Ah ! je t’ai bien compris, sauvage voyageur,
Et ton dernier regard m’est allé jusqu’au cœur.
Il disait : « Si tu peux, fais que ton âme arrive,
À force de rester studieuse et pensive,
Jusqu’à ce haut degré de stoïque fierté
Où, naissant dans les bois, j’ai tout d’abord monté.
Gémir, pleurer, prier est également lâche.
Fais énergiquement ta longue et lourde tâche
Dans la voie où le sort a voulu t’appeler,
Puis, après comme moi, souffre et meurs sans parler. »


Paul Éluard, « La nuit n’est jamais complète », in Derniers poèmes d’amour, 1963
La nuit n’est jamais complète.
Il y a toujours puisque je le dis,
Puisque je l’affirme,
Au bout du chagrin,
une fenêtre ouverte,
une fenêtre éclairée.
Il y a toujours un rêve qui veille,
désir à combler,
faim à satisfaire,
un cœur généreux,
une main tendue,
une main ouverte,
des yeux attentifs,
une vie : la vie à se partager.


Khalil Gibran, Le Prophète, "Le secret de la mort"

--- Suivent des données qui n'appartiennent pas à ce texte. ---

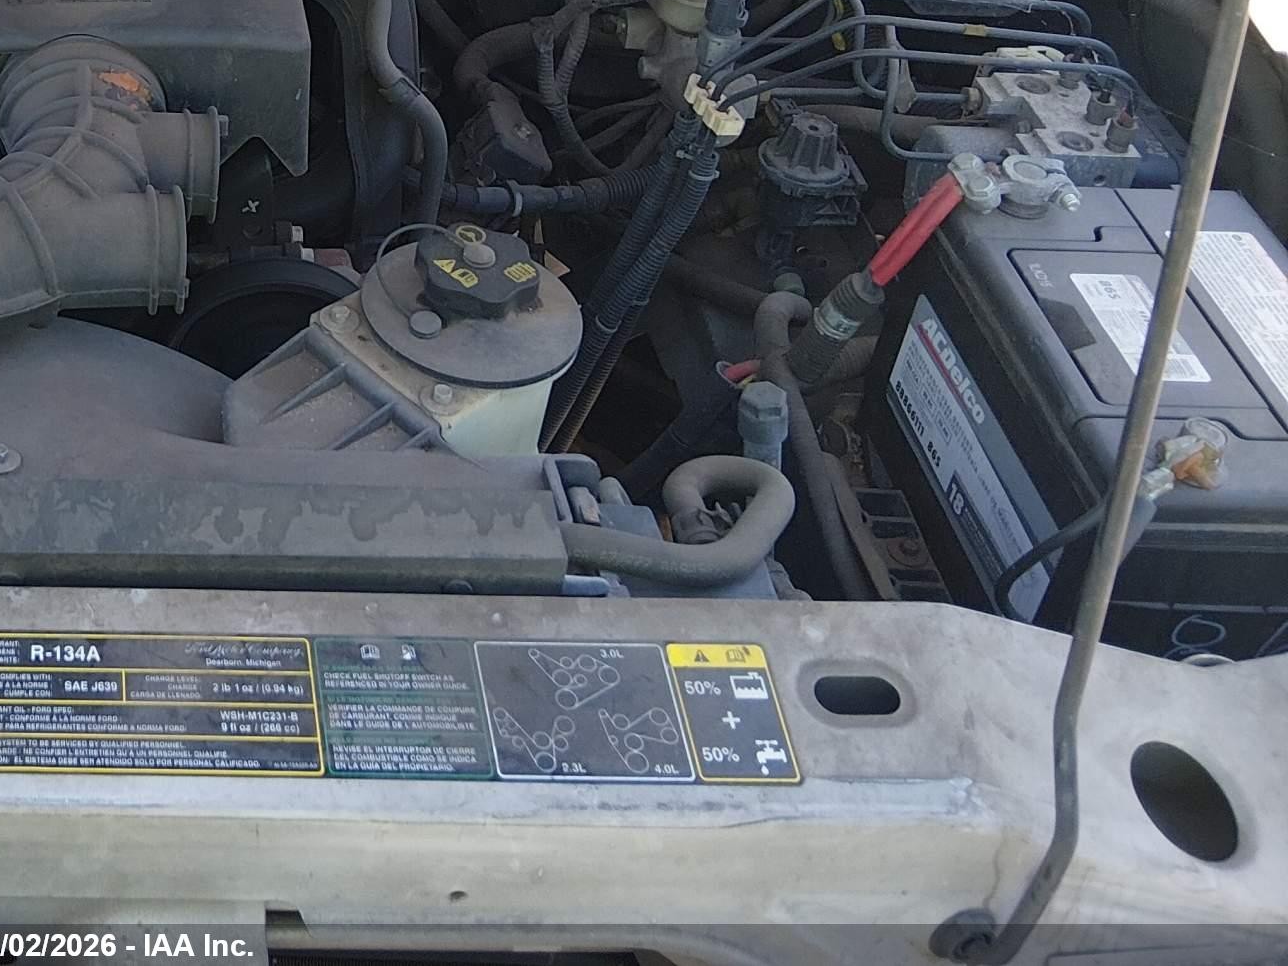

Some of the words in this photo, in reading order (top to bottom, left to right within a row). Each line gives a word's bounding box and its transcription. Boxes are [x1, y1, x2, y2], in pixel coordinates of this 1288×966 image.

[922, 318, 985, 424] ACDelco
[949, 482, 964, 515] 18
[30, 644, 100, 662] R-134A
[600, 648, 624, 658] 3.0L
[246, 658, 282, 668] Michigan
[64, 681, 88, 692] SAE
[212, 684, 219, 692] 2
[221, 683, 231, 692] lb
[684, 681, 722, 696] 50%
[702, 747, 740, 762] 50%
[654, 764, 679, 774] 4.0L
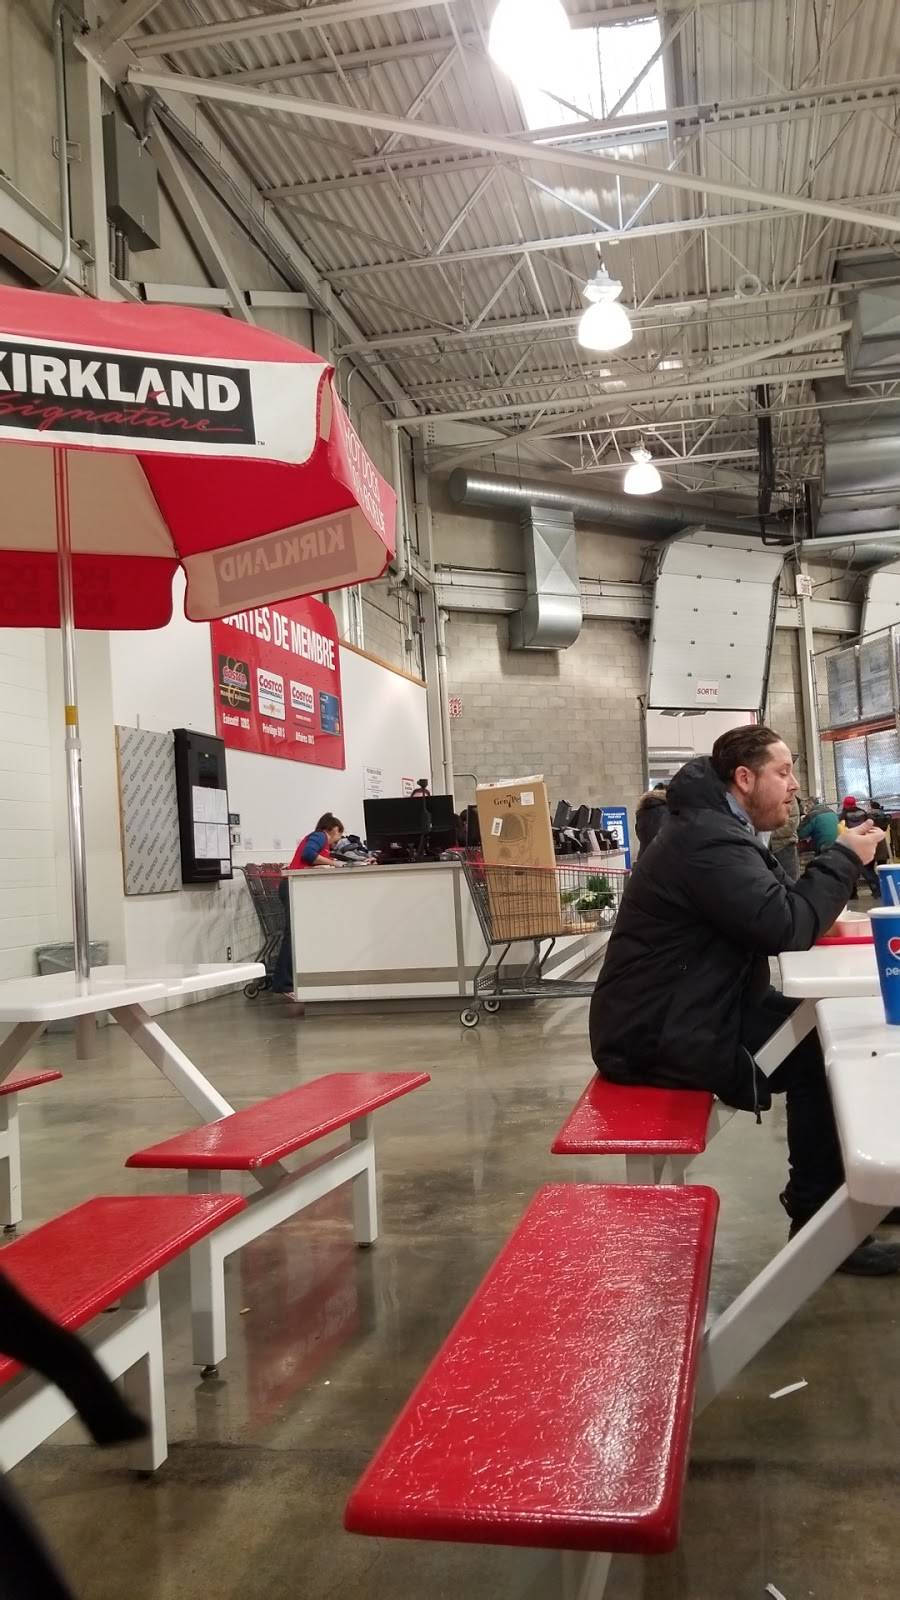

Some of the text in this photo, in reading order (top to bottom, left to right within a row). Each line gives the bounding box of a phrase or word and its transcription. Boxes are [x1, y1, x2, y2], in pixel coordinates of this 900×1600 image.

[272, 611, 290, 651] DE
[290, 620, 336, 671] MEMBRE
[259, 674, 283, 693] COSTCO
[696, 687, 719, 696] SORTIE
[292, 687, 313, 703] COSTCO
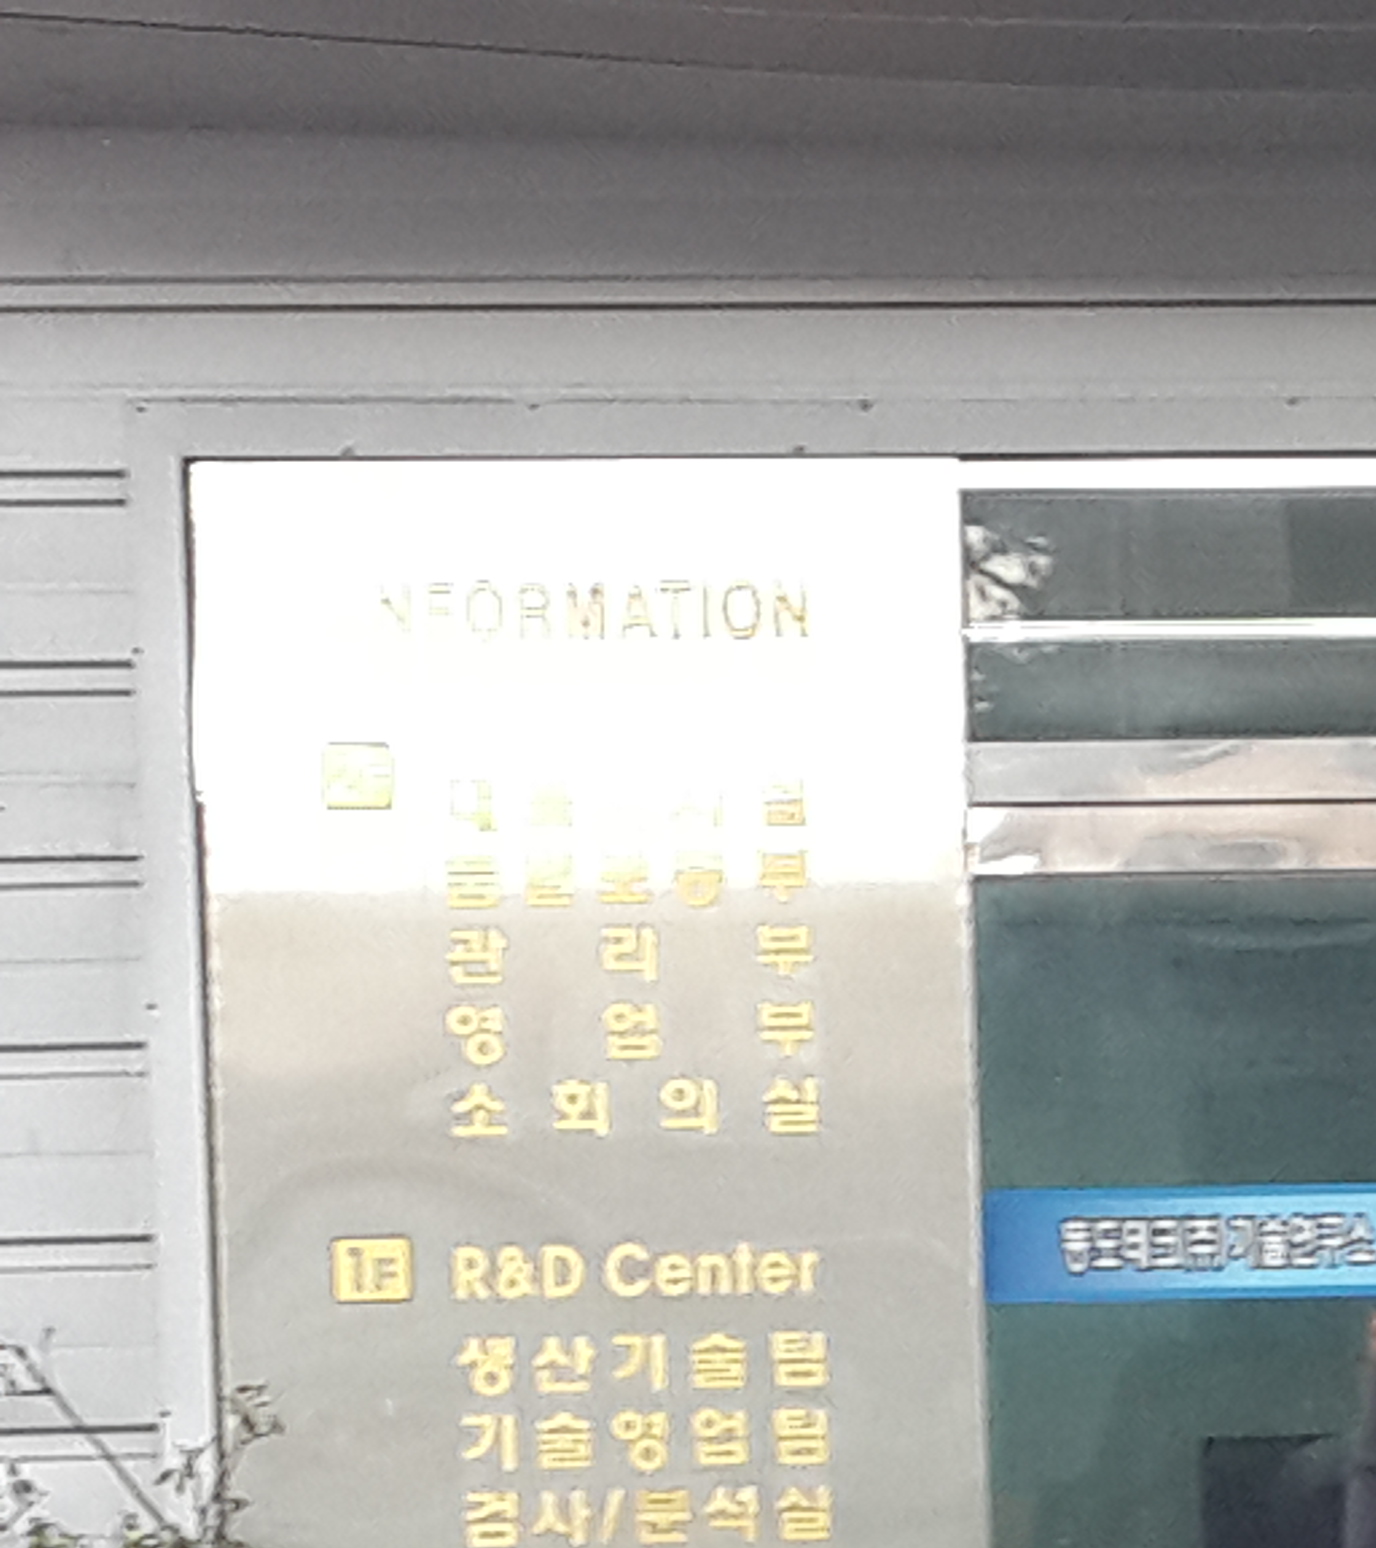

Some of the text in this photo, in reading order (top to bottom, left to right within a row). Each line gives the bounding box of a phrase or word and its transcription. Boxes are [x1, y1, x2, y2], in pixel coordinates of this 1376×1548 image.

Alors, Almitra parla, disant, Nous voudrions maintenant vous questionner sur la Mort. Et il dit : Vous voudriez connaître le secret de la mort. Mais comment le trouverez-vous sinon en le cherchant dans le cœur de la vie ? La chouette dont les yeux faits pour la nuit sont aveugles au jour ne peut dévoiler le mystère de la lumière. Si vous voulez vraiment contempler l’esprit de la mort, ouvrez amplement votre cœur au corps de la vie. Car la vie et la mort sont un, de même que le fleuve et l’océan sont un. Dans la profondeur de vos espoirs et de vos désirs repose votre silencieuse connaissance de l’au-delà ; Et tels les grains rêvant sous la neige, votre cœur rêve au printemps. Fiez-vous aux rêves, car en eux est cachée la porte de l’éternité. Votre peur de la mort n’est que le frisson du berger lorsqu’il se tient devant le roi dont la main va se poser sur lui pour l’honorer. Le berger ne se réjouit-il pas sous son tremblement, de ce qu’il portera l’insigne du roi ? Pourtant n’est-il pas plus conscient de son tremblement ? Car qu’est-ce que mourir sinon se tenir nu dans le vent et se fondre dans le soleil ? Et qu’est-ce que cesser de respirer, sinon libérer le souffle de ses marées inquiètes, pour qu’il puisse s’élever et se dilater et rechercher Dieu sans entraves ? C’est seulement lorsque vous boirez à la rivière du silence que vous chanterez vraiment. Et quand vous aurez atteint le sommet de la montagne, vous commencerez enfin à monter. Et lorsque la terre réclamera vos membres, alors vous danserez vraiment.